_TASK ITEM_.
Your answer should consist only of the records, copied exactly, with the images removed.

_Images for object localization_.
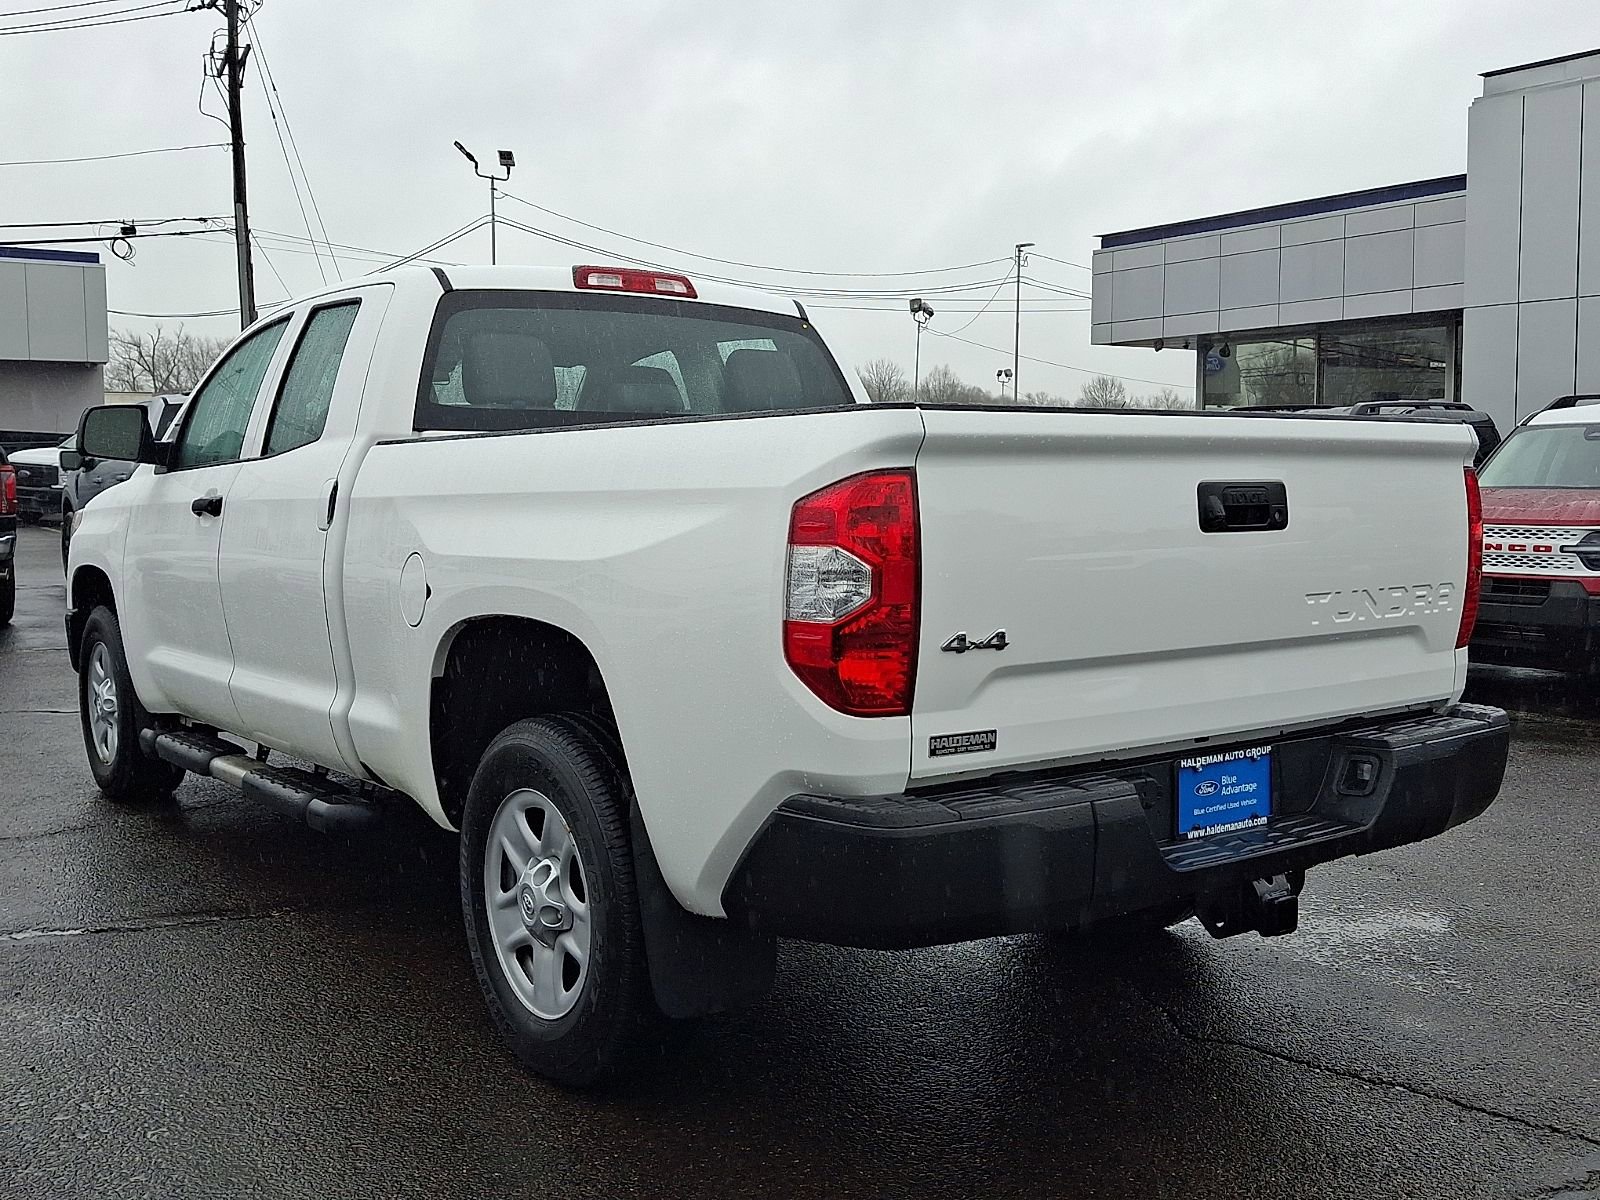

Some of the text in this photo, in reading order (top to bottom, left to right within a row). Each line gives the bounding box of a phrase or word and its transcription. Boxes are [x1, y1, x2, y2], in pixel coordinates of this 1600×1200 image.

[1305, 582, 1455, 625] TUNDRA
[930, 732, 996, 749] HALDEMAN
[1181, 745, 1272, 768] HALDEMAN AUTO GROUP
[1221, 775, 1237, 785] Blue
[1221, 782, 1257, 796] Advantage
[1193, 798, 1257, 816] Blue Certified Used Vehicle
[1187, 816, 1268, 839] www.haldemanauto.com

_ANSWER FOR THE TASK_.
Some of the text in this photo, in reading order (top to bottom, left to right within a row). Each line gives the bounding box of a phrase or word and its transcription. Boxes are [x1, y1, x2, y2], in pixel coordinates of this 1600×1200 image.

[1305, 582, 1455, 625] TUNDRA
[930, 732, 996, 749] HALDEMAN
[1181, 745, 1272, 768] HALDEMAN AUTO GROUP
[1221, 775, 1237, 785] Blue
[1221, 782, 1257, 796] Advantage
[1193, 798, 1257, 816] Blue Certified Used Vehicle
[1187, 816, 1268, 839] www.haldemanauto.com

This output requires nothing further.